▶ INSTRUCTIONS FOR THE TASK
Output the line that contains "Some of the text" and every line after it to the end of the entries, with nothing added or left out.

Phrase grounding data
....
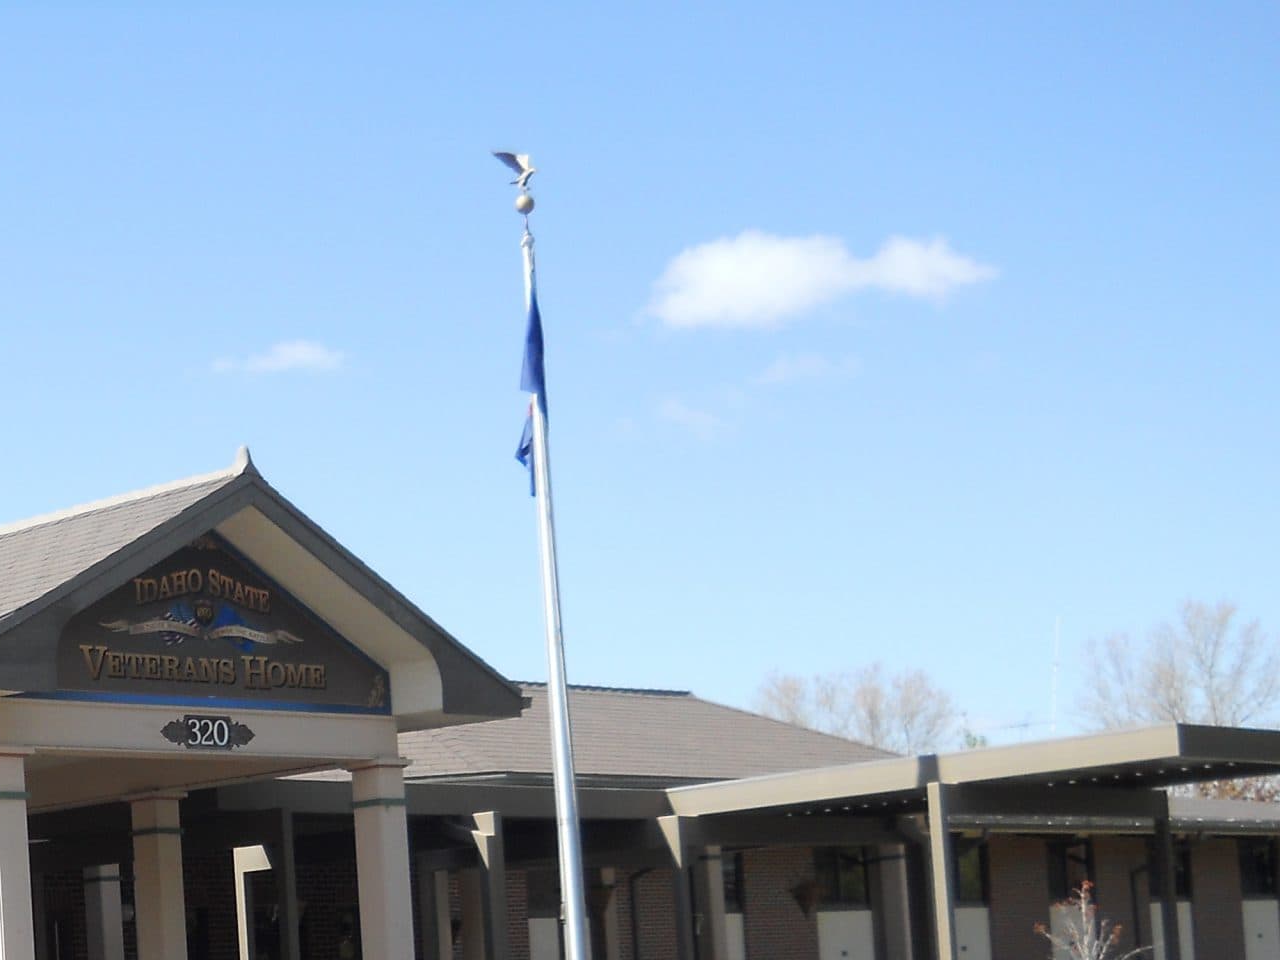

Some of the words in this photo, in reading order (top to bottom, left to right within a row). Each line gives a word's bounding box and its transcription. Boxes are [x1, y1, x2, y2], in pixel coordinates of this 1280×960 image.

[134, 569, 202, 603] IDAHO
[208, 568, 270, 612] STATE
[80, 645, 236, 684] VETERANS
[241, 656, 326, 689] HOME
[187, 718, 229, 746] 320
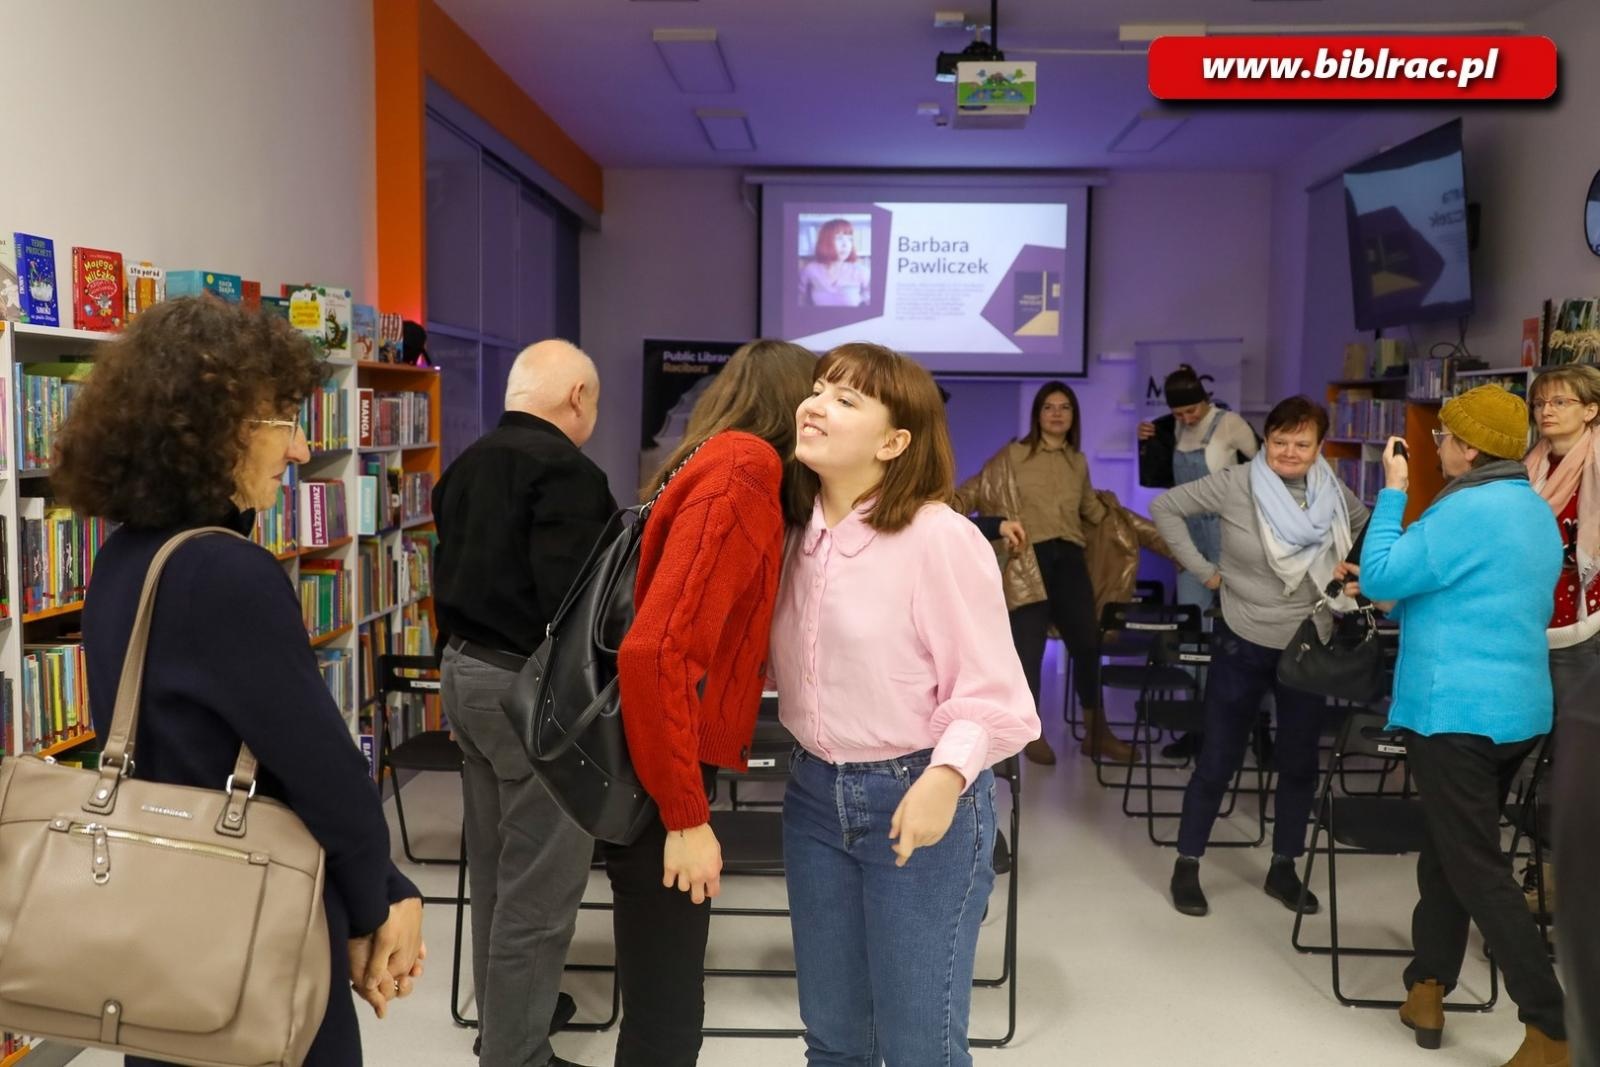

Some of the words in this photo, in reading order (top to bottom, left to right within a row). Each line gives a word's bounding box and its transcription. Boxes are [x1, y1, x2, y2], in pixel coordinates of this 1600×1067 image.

[898, 236, 970, 253] Barbara
[897, 257, 989, 275] Pawliczek
[663, 350, 696, 362] Public
[1146, 374, 1215, 399] MC
[361, 399, 370, 438] MANGA
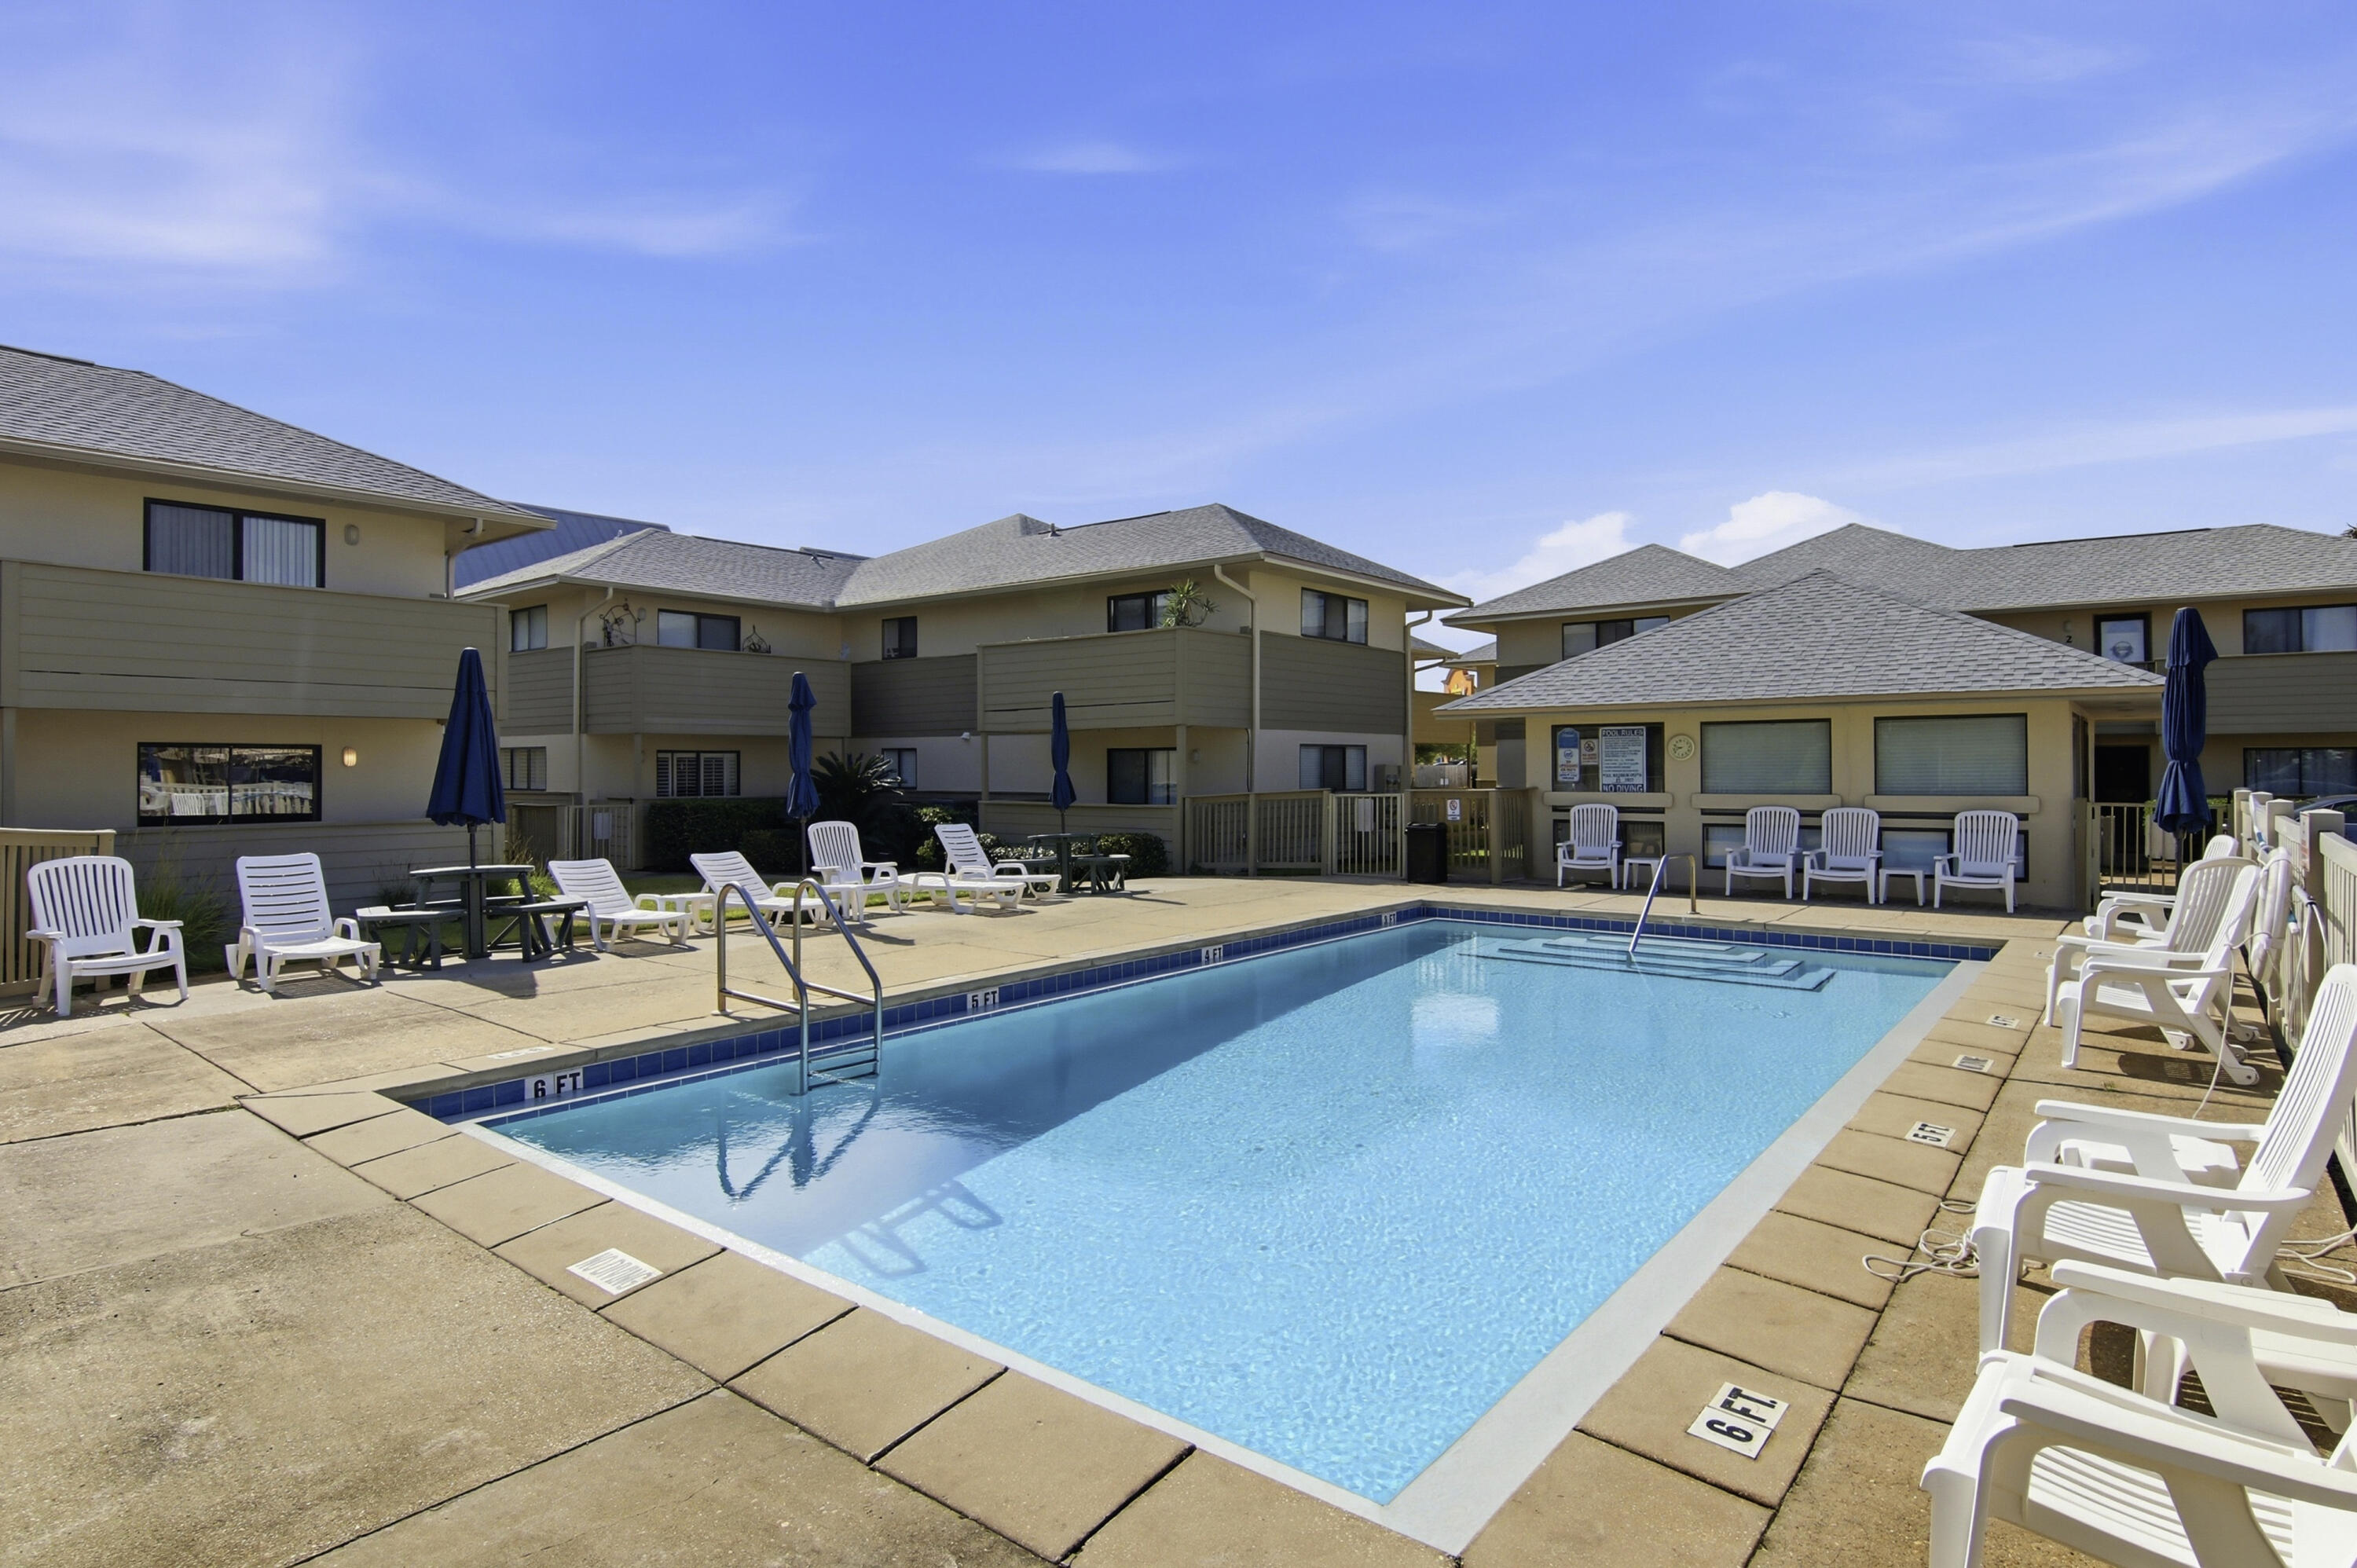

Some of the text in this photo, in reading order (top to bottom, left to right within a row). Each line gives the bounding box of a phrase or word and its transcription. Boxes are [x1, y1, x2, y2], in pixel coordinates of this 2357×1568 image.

[2066, 635, 2073, 643] 2
[1204, 947, 1222, 959] 4 FT
[971, 991, 997, 1008] 5 FT
[533, 1072, 581, 1098] 6 FT
[1912, 1133, 1942, 1142] 5
[1706, 1419, 1754, 1442] 6
....
▶ OUTPUT
Some of the text in this photo, in reading order (top to bottom, left to right within a row). Each line gives the bounding box of a phrase or word and its transcription. Boxes are [x1, y1, x2, y2], in pixel coordinates of this 2357×1568 image.

[2066, 635, 2073, 643] 2
[1204, 947, 1222, 959] 4 FT
[971, 991, 997, 1008] 5 FT
[533, 1072, 581, 1098] 6 FT
[1912, 1133, 1942, 1142] 5
[1706, 1419, 1754, 1442] 6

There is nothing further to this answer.